▸ WHAT IS REQUIRED
Transcribe all of the data verbatim, please, and leave out its pictures.

(Dataset entries)

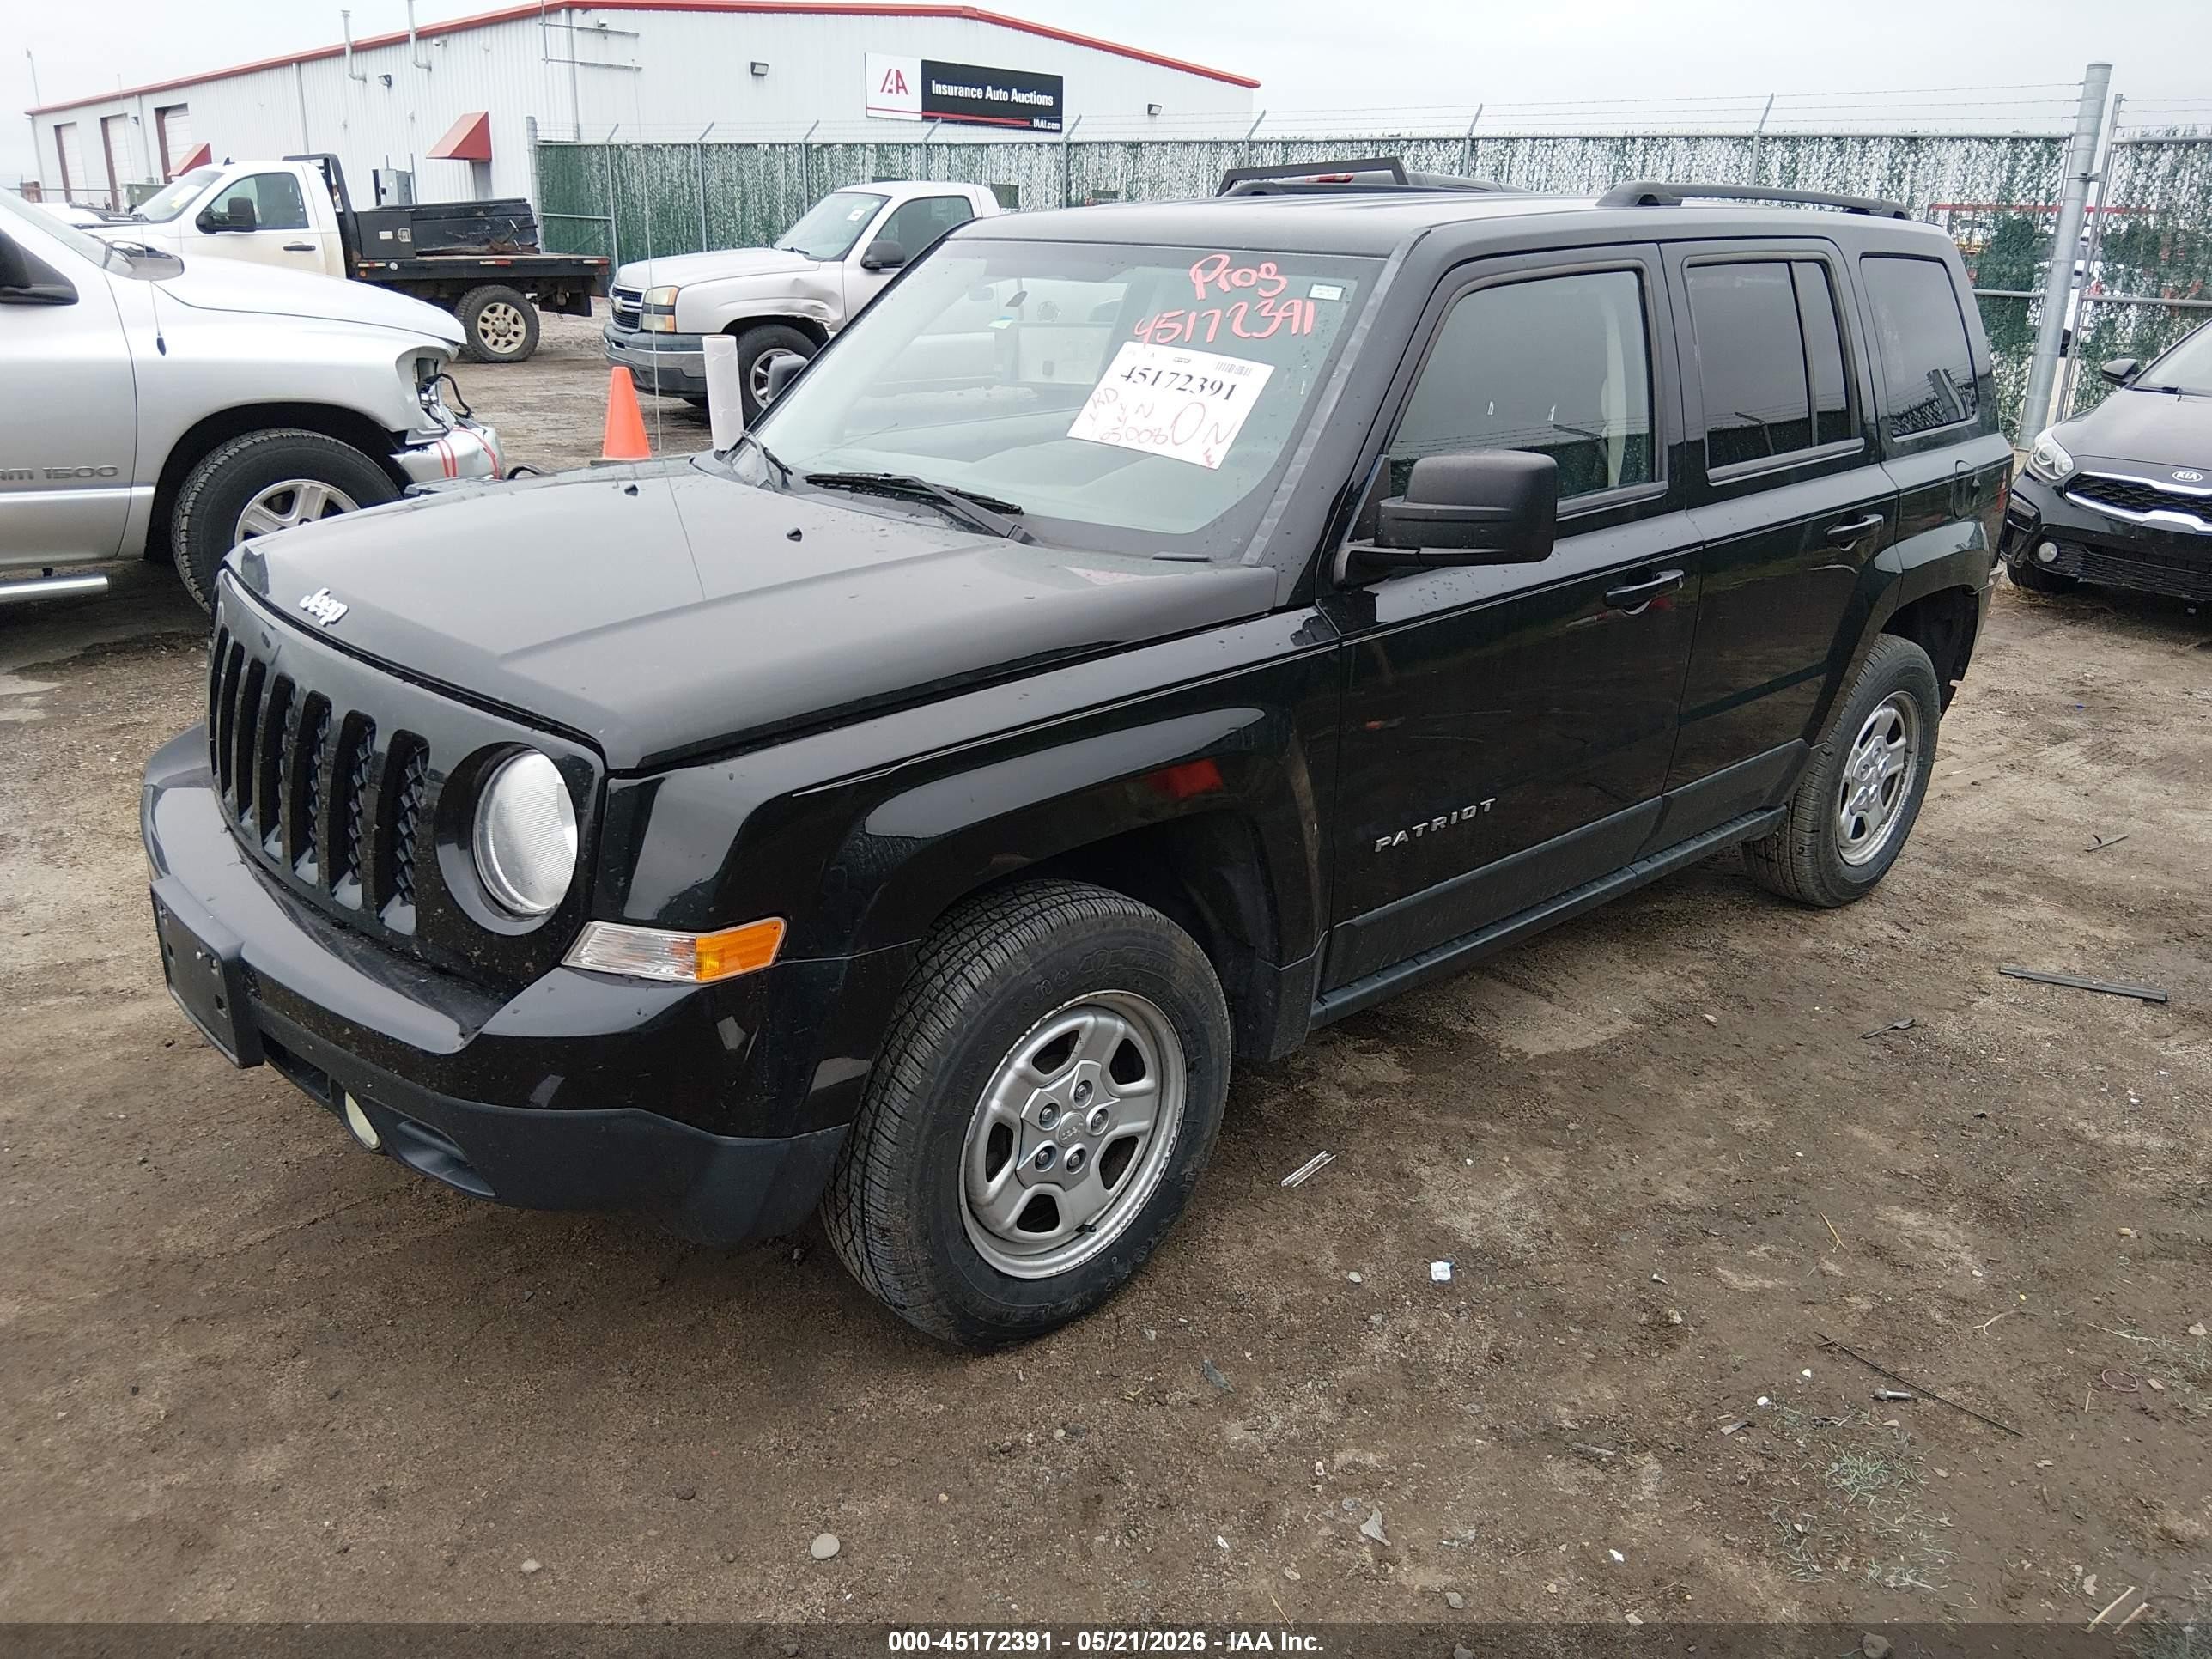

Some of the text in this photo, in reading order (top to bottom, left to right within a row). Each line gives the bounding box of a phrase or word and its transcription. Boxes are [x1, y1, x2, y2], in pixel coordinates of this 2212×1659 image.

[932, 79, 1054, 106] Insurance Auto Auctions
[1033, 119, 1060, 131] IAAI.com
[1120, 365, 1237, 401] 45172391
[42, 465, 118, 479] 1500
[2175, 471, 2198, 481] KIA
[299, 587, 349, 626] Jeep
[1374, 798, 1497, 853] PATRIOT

▸ ANSWER TO THE EXERCISE
Some of the text in this photo, in reading order (top to bottom, left to right within a row). Each line gives the bounding box of a phrase or word and its transcription. Boxes are [x1, y1, x2, y2], in pixel coordinates of this 2212×1659 image.

[932, 79, 1054, 106] Insurance Auto Auctions
[1033, 119, 1060, 131] IAAI.com
[1120, 365, 1237, 401] 45172391
[42, 465, 118, 479] 1500
[2175, 471, 2198, 481] KIA
[299, 587, 349, 626] Jeep
[1374, 798, 1497, 853] PATRIOT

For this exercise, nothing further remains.